**Try it**
Please retype every record below exactly, leaving the pictures out.

**Extracted data**

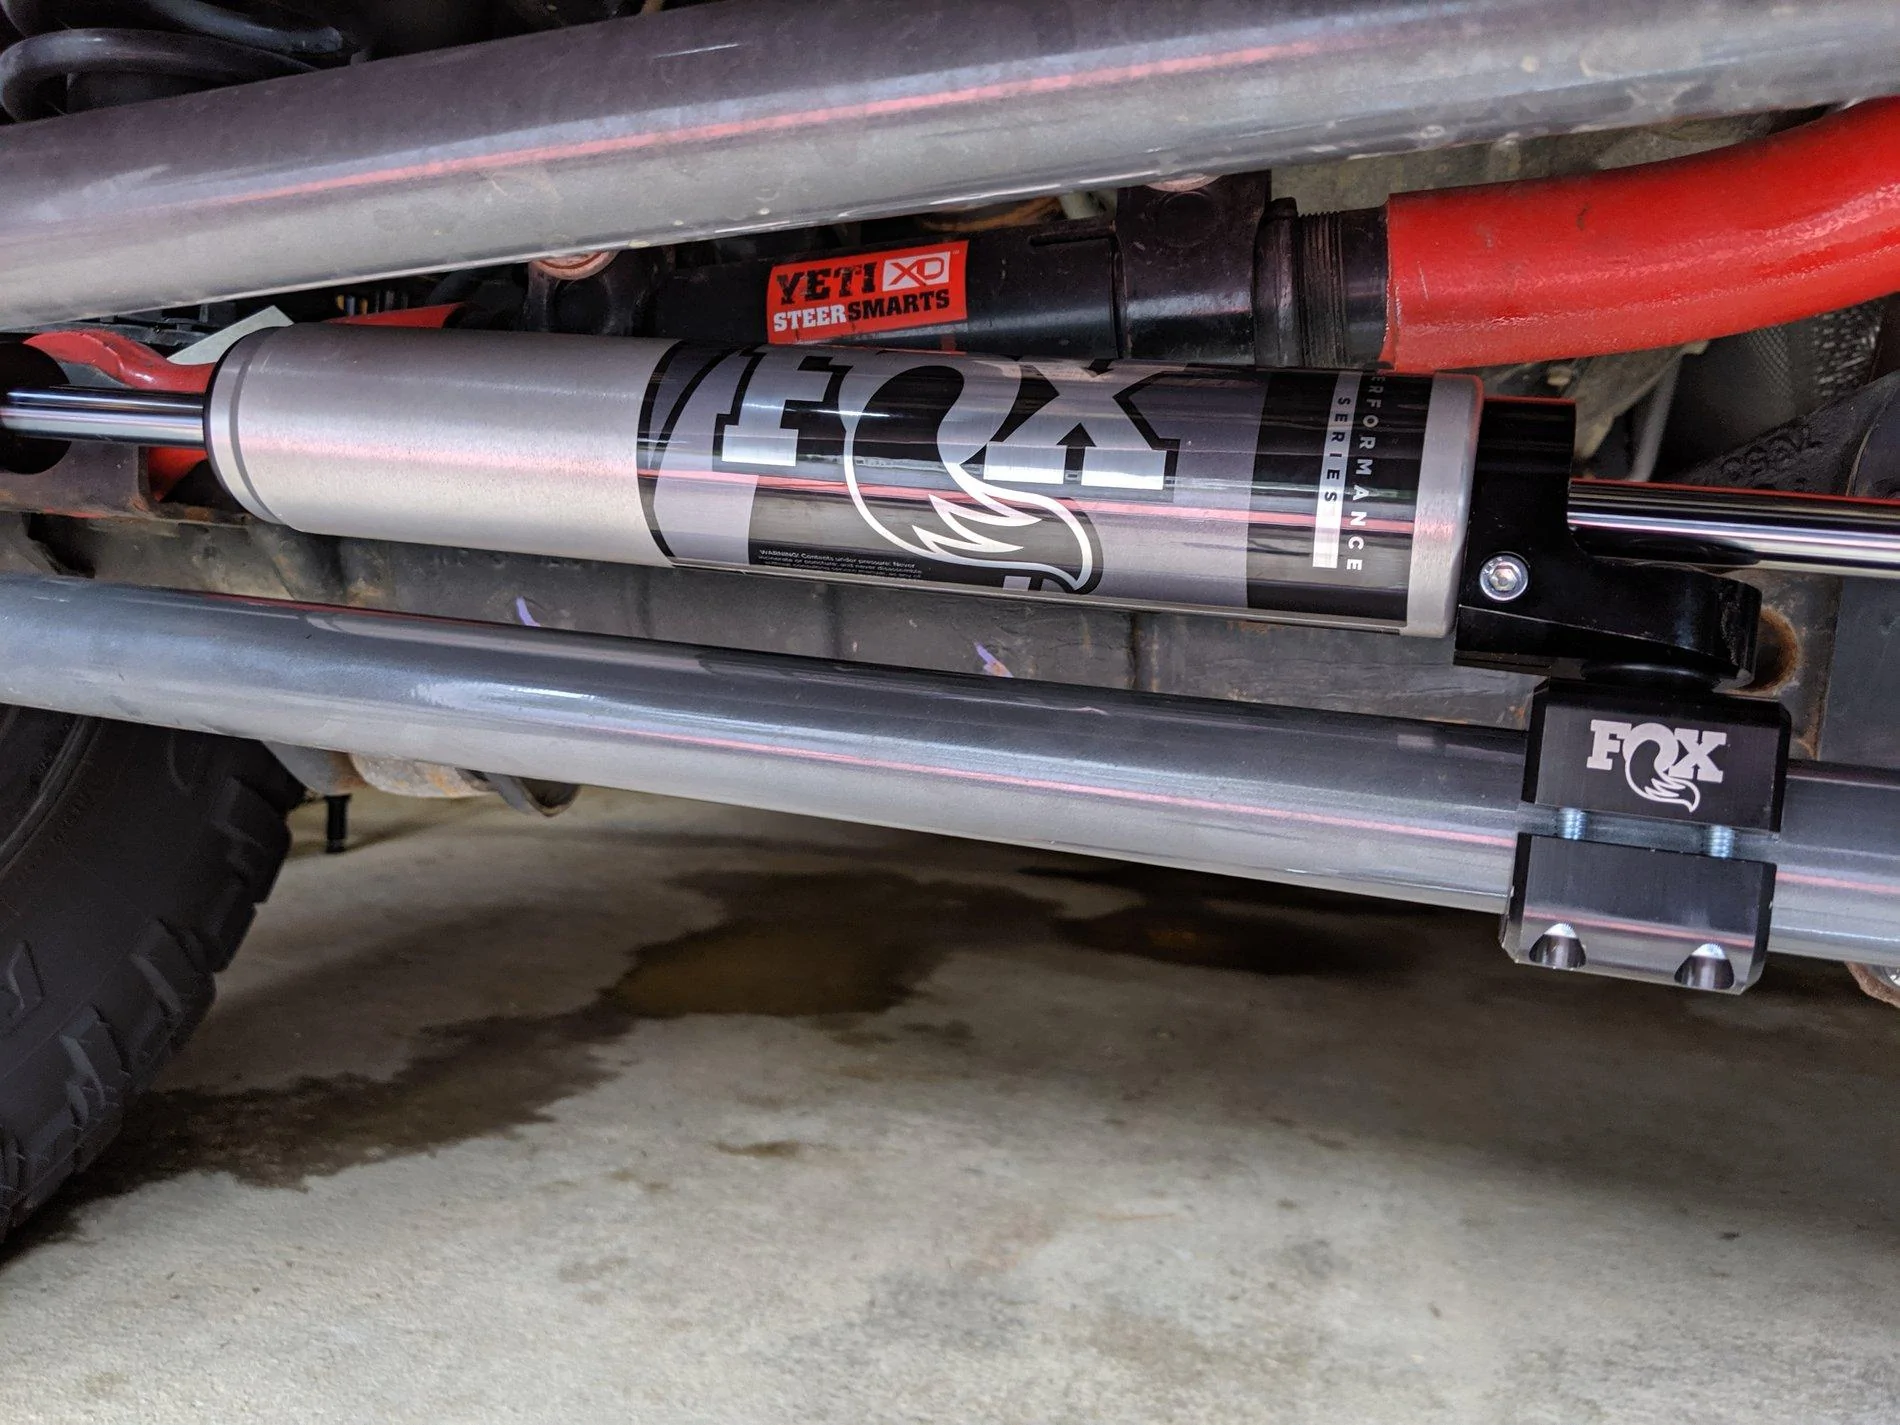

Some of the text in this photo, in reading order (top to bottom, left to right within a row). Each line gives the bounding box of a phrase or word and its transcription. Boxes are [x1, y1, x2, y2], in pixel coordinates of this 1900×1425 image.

[776, 261, 878, 305] YETI
[722, 350, 1186, 590] FOX
[1324, 396, 1350, 502] SERIES
[1346, 375, 1386, 571] ERFORMANCE
[1586, 719, 1727, 812] FOX
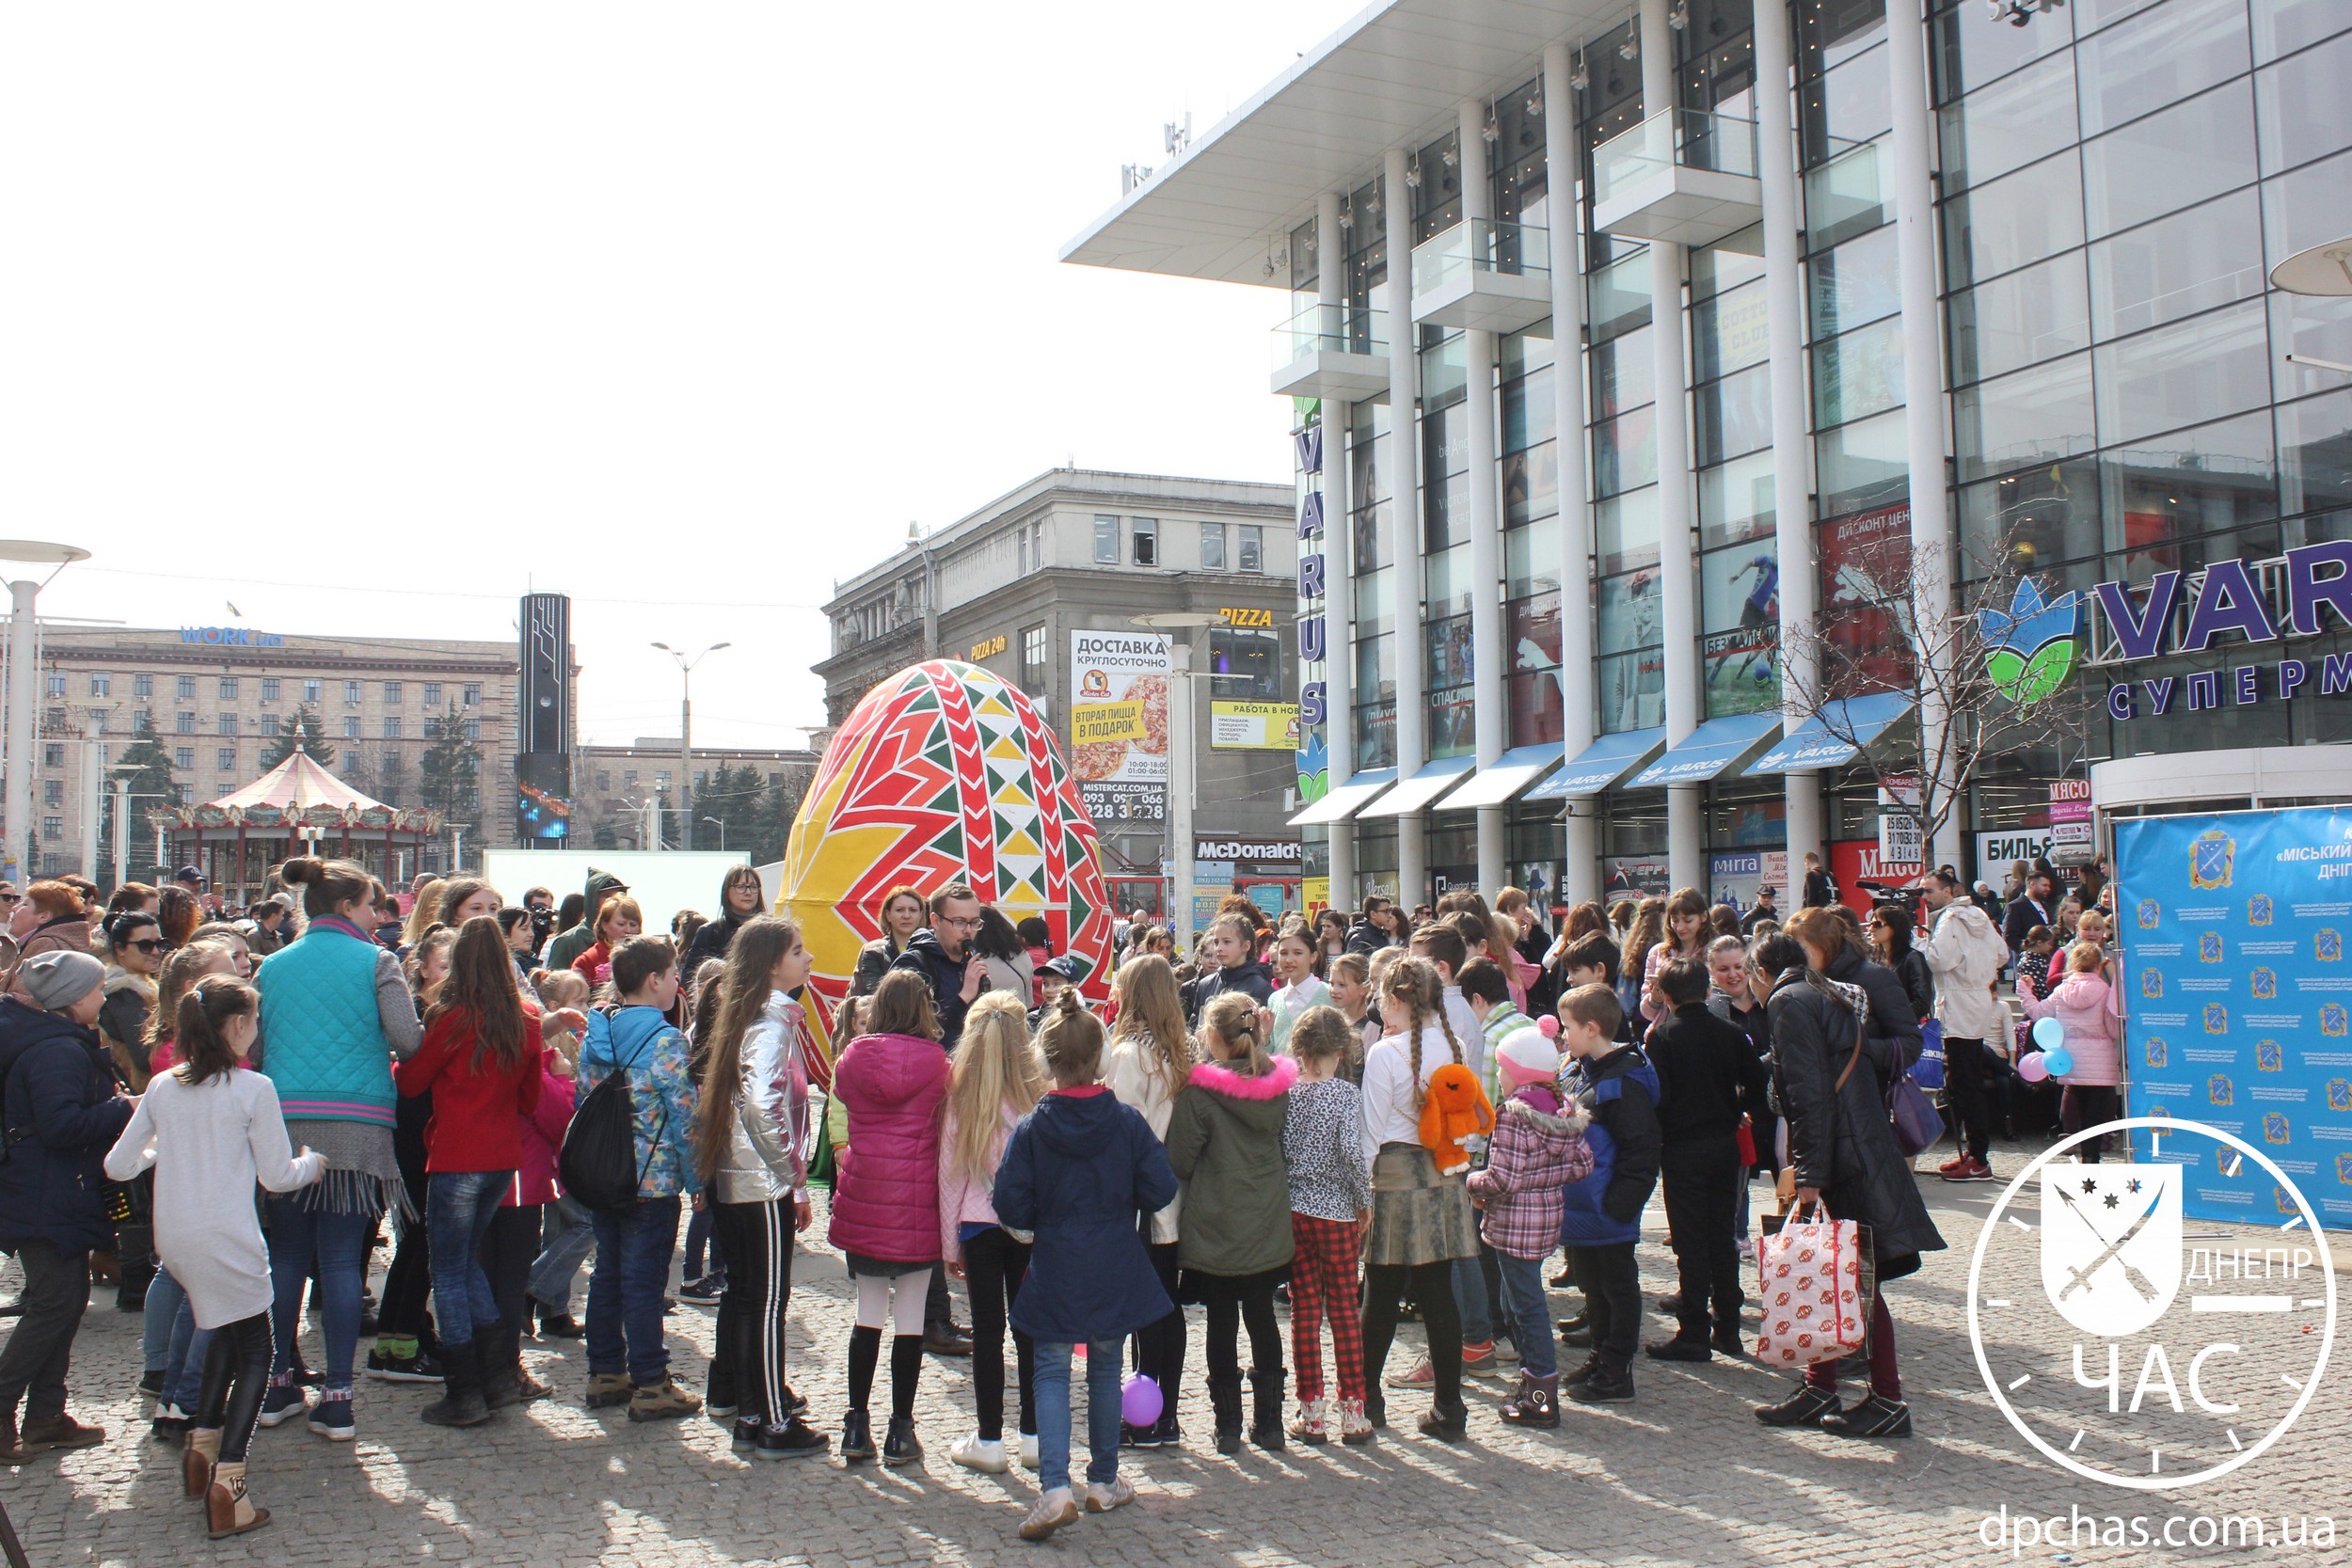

**Solution to this problem**
Some of the text in this photo, in reading order (top to bottom, left to right within a row). Each line gives the bounding box of a phrase or word and its transcription. Boxes are [x1, y1, x2, y2], in pixel coordinates of this 1900×1425 image.

[776, 261, 878, 305] YETI
[722, 350, 1186, 590] FOX
[1324, 396, 1350, 502] SERIES
[1346, 375, 1386, 571] ERFORMANCE
[1586, 719, 1727, 812] FOX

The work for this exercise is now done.